In my every day work, data.table has been playing a crucial role to work with tabular data for more than 8 years. It has its pros and cons in terms of syntax and extensibility, yet I don’t find a better alternative to it when it comes to handling large in-memory tables with great performance.

For beginners, it might be a bit challenging to learn the syntax of `data.table`

in the first place.
In this post, I will try to motivate and explain the syntax and its design in a simple way.

If you are an absolute beginner and only know a little base R syntax, your data wrangling could look like this:

- View the first few rows of the built-in
`mtcars`

dataset:

`head(mtcars)`

```
## mpg cyl disp hp drat wt qsec vs am gear carb
## Mazda RX4 21.0 6 160 110 3.90 2.620 16.46 0 1 4 4
## Mazda RX4 Wag 21.0 6 160 110 3.90 2.875 17.02 0 1 4 4
## Datsun 710 22.8 4 108 93 3.85 2.320 18.61 1 1 4 1
## Hornet 4 Drive 21.4 6 258 110 3.08 3.215 19.44 1 0 3 1
## Hornet Sportabout 18.7 8 360 175 3.15 3.440 17.02 0 0 3 2
## Valiant 18.1 6 225 105 2.76 3.460 20.22 1 0 3 1
```

- Filter
`mtcars`

so that we only keep the cars with`mpg`

greater than its 80% quantile:

`mtcars[mtcars$mpg > quantile(mtcars$mpg, 0.8), ]`

```
## mpg cyl disp hp drat wt qsec vs am gear carb
## Merc 240D 24.4 4 146.7 62 3.69 3.190 20.00 1 0 4 2
## Fiat 128 32.4 4 78.7 66 4.08 2.200 19.47 1 1 4 1
## Honda Civic 30.4 4 75.7 52 4.93 1.615 18.52 1 1 4 2
## Toyota Corolla 33.9 4 71.1 65 4.22 1.835 19.90 1 1 4 1
## Fiat X1-9 27.3 4 79.0 66 4.08 1.935 18.90 1 1 4 1
## Porsche 914-2 26.0 4 120.3 91 4.43 2.140 16.70 0 1 5 2
## Lotus Europa 30.4 4 95.1 113 3.77 1.513 16.90 1 1 5 2
```

- Select the first 5 rows and only keep a few columns:

`mtcars[1:5, c("mpg", "cyl", "disp", "hp")]`

```
## mpg cyl disp hp
## Mazda RX4 21.0 6 160 110
## Mazda RX4 Wag 21.0 6 160 110
## Datsun 710 22.8 4 108 93
## Hornet 4 Drive 21.4 6 258 110
## Hornet Sportabout 18.7 8 360 175
```

- Sort the rows by
`mpg`

in descending order, only keep a few columns, and view the top five rows:

`mtcars[order(-mtcars$mpg), c("mpg", "cyl", "disp", "hp")][1:5, ]`

```
## mpg cyl disp hp
## Toyota Corolla 33.9 4 71.1 65
## Fiat 128 32.4 4 78.7 66
## Honda Civic 30.4 4 75.7 52
## Lotus Europa 30.4 4 95.1 113
## Fiat X1-9 27.3 4 79.0 66
```

The base R syntax `data[i, j]`

is quite intuitive and easy to understand:

`i`

: filter rows by index or condition or reorder rows`j`

: select columns by index or name

However, if you want to do something more complex, the syntax will be more complicated too.

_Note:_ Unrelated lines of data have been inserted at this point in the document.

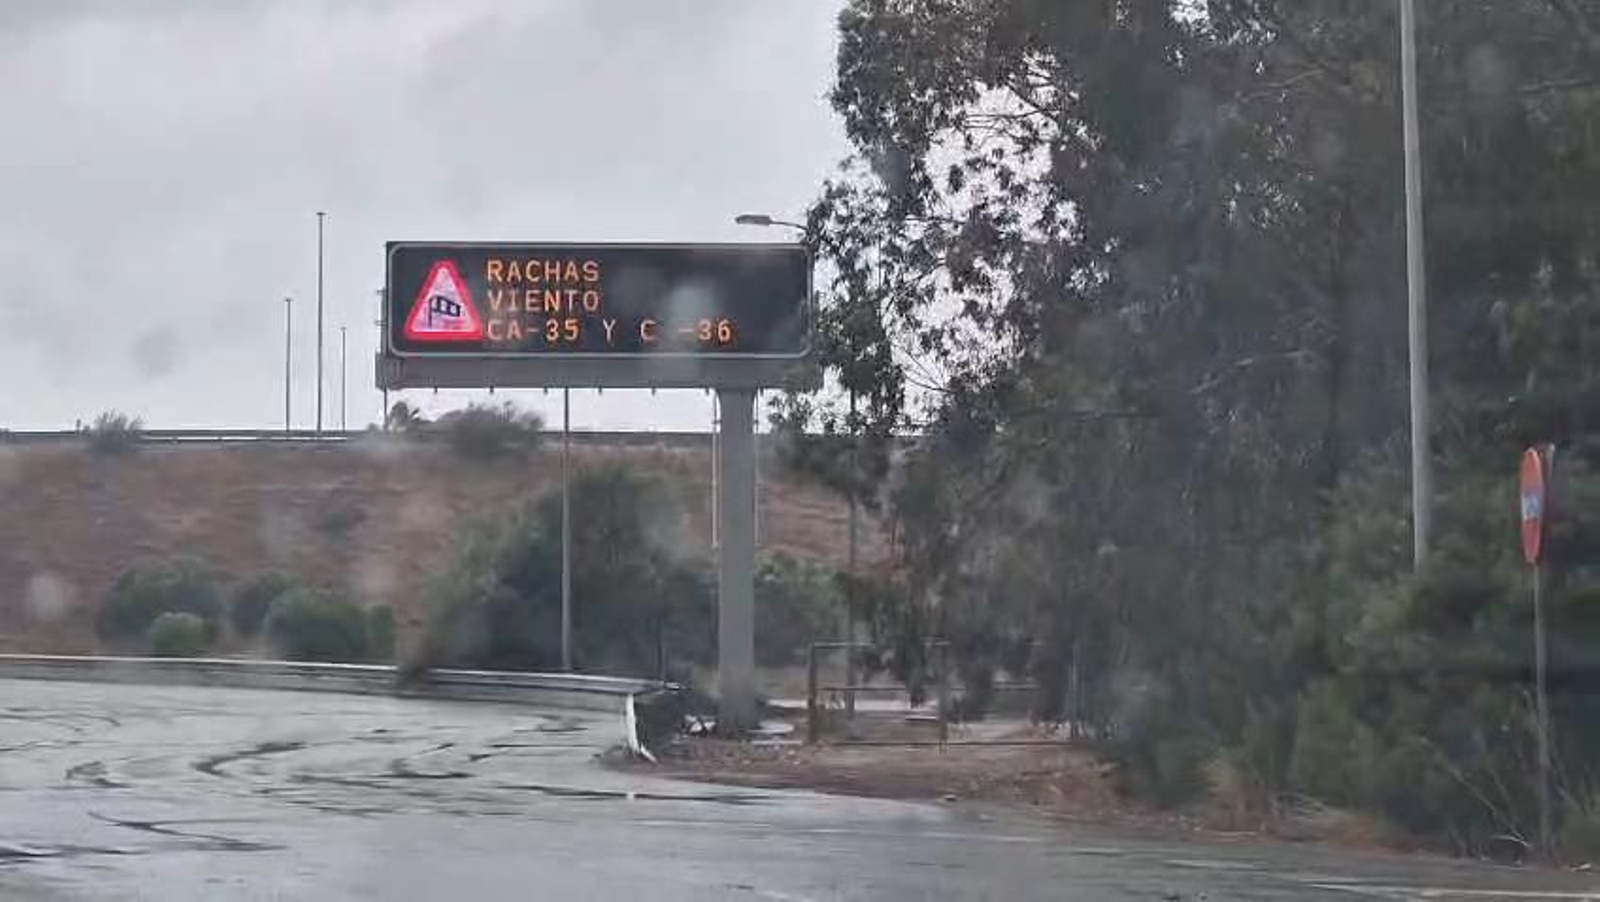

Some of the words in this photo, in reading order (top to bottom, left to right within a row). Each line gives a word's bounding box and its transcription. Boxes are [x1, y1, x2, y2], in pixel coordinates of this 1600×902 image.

[487, 259, 599, 282] RACHAS
[487, 289, 600, 312] VIENTO
[487, 318, 579, 341] CA-35
[602, 318, 617, 341] Y
[640, 319, 731, 341] C-36

For example, what is the average `mpg`

of cars with each number of `cyl`

? If only base R
functions are allowed, you might write something like this:

`tapply(mtcars$mpg, mtcars$cyl, mean)`

```
## 4 6 8
## 26.66364 19.74286 15.10000
```

Yes, `tapply`

does the trick of grouping. It discovers that `mtcars$cyl`

has 3 unique values and
calculates the average `mpg`

for each group.

What about for each `cyl`

value, find the value of `disp`

of the car with the highest `mpg`

?
Again, you might write something like this:

```
tapply(seq_len(nrow(mtcars)), mtcars$cyl, function(i) {
mtcars$disp[which.max(mtcars$mpg[i])]
})
```

```
## 4 6 8
## 225.0 108.0 275.8
```

Maybe there is a better way to do this in base R, but it will certainly take some time for a stranger to understand its intention when the above code is provided. It is hard to write because you have to twist your brain to think in a lower-level way of how vectors involved should be carefully subsetted. As a result, those nested vector operations work but at the expense of readability.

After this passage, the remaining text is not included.